■ PROBLEM REQUIREMENTS ■
Line by line, print the records exactly, and keep images out of the copy.

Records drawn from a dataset
__________

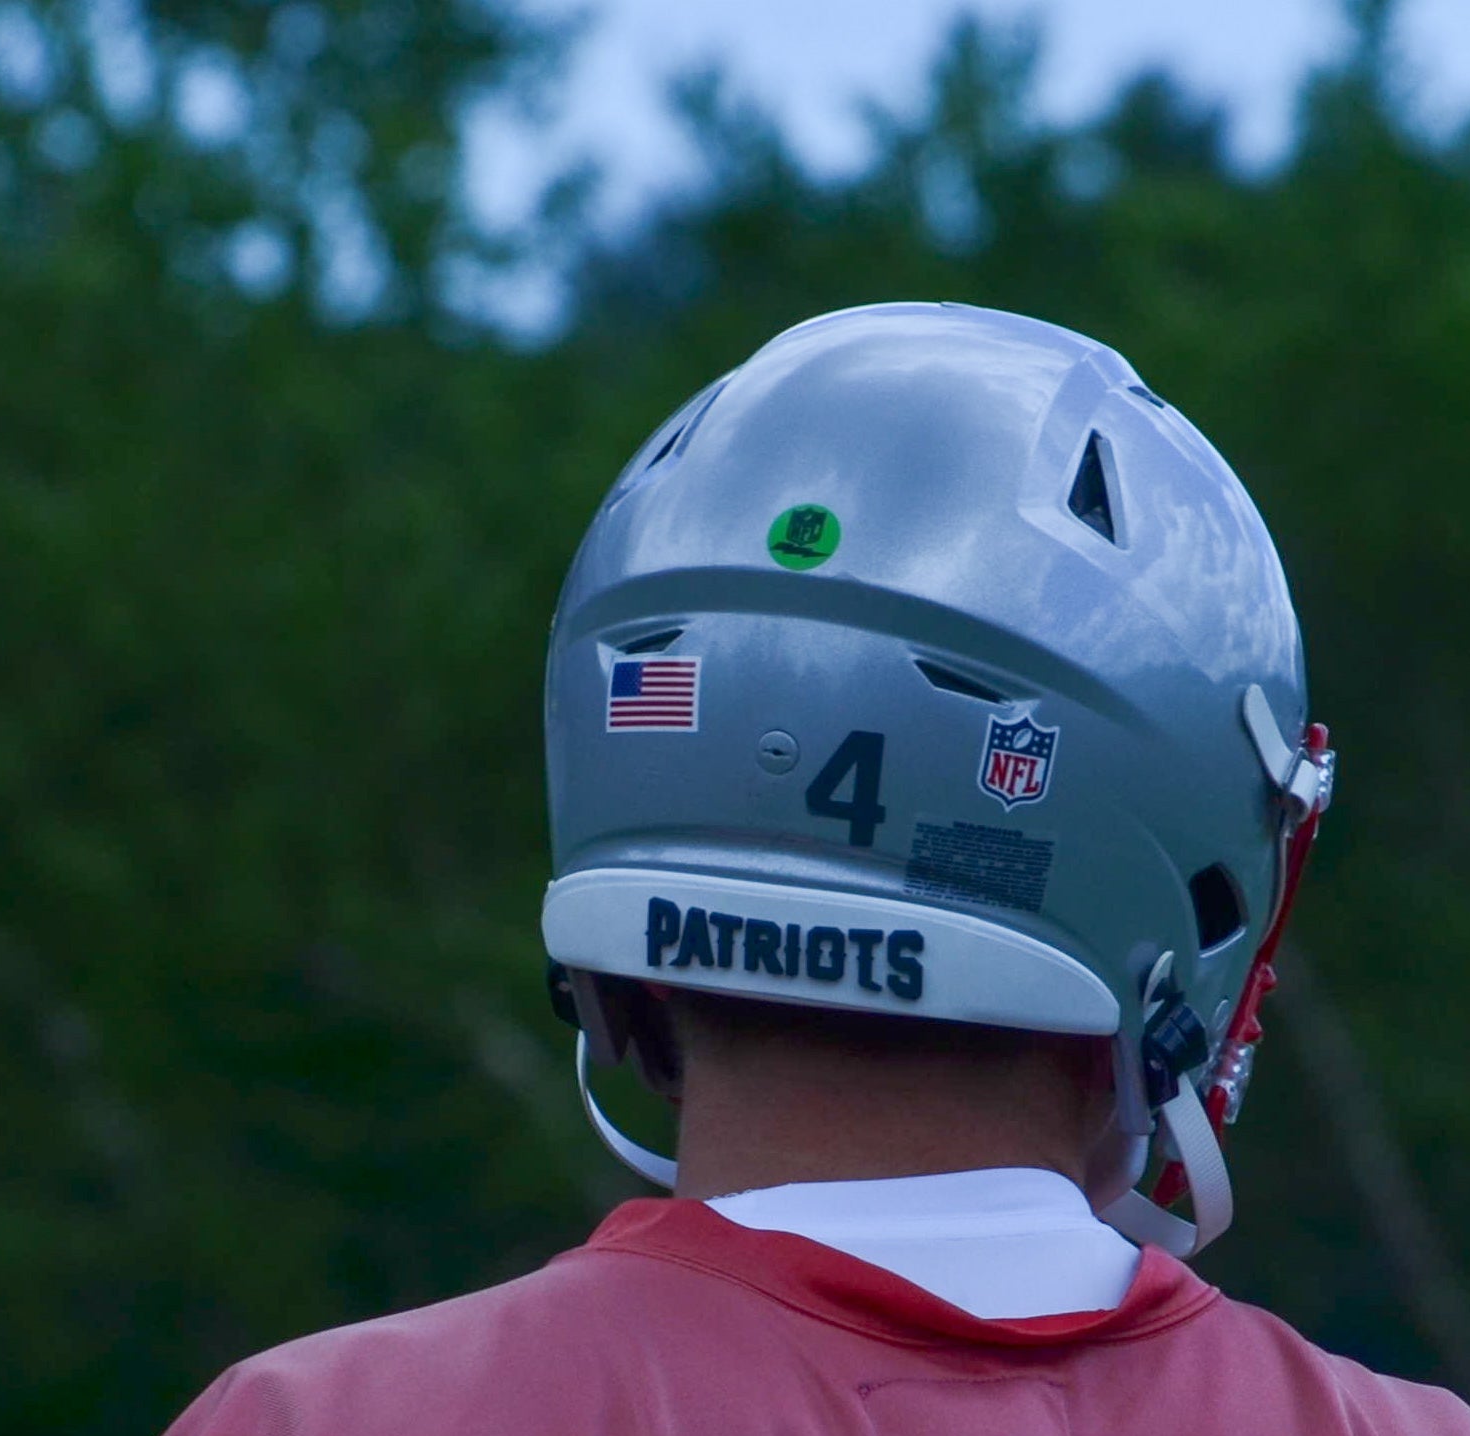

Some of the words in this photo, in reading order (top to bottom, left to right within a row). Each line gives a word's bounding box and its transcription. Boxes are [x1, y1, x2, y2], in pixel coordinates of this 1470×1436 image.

[805, 730, 886, 847] 4
[987, 752, 1041, 795] NFL
[646, 897, 924, 1000] PATRIOTS
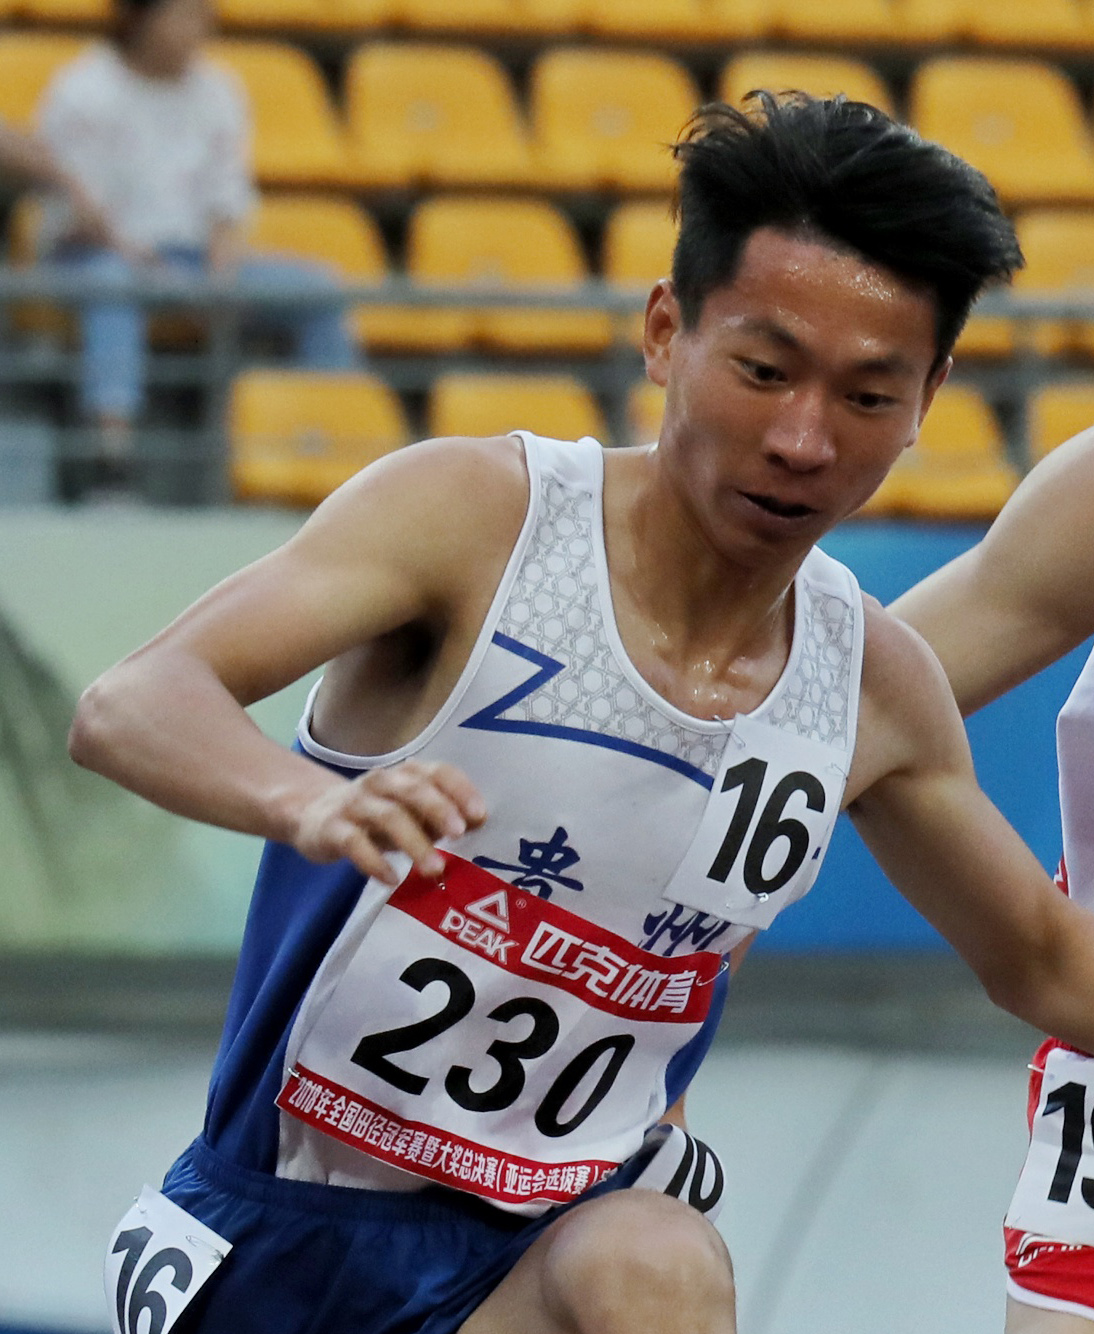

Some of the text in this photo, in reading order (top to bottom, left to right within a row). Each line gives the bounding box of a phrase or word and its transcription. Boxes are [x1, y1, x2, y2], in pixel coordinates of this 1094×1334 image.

[706, 757, 826, 896] 16
[439, 907, 519, 965] PEAK
[520, 921, 697, 1014] 匹克体育
[350, 957, 636, 1137] 230

__________

■ SOLUTION TO THIS TASK ■
Some of the words in this photo, in reading order (top to bottom, left to right within a row). Each line gives a word's bounding box and its transcription. Boxes are [x1, y1, x2, y2], in pixel coordinates of this 1470×1436 image.

[805, 730, 886, 847] 4
[987, 752, 1041, 795] NFL
[646, 897, 924, 1000] PATRIOTS

Some of the text in this photo, in reading order (top to bottom, left to right within a row). Each line gives the bounding box of a phrase or word and its transcription. Boxes are [x1, y1, x2, y2], in pixel coordinates of this 1094×1334 image.

[706, 757, 826, 896] 16
[439, 907, 519, 965] PEAK
[520, 921, 697, 1014] 匹克体育
[350, 957, 636, 1137] 230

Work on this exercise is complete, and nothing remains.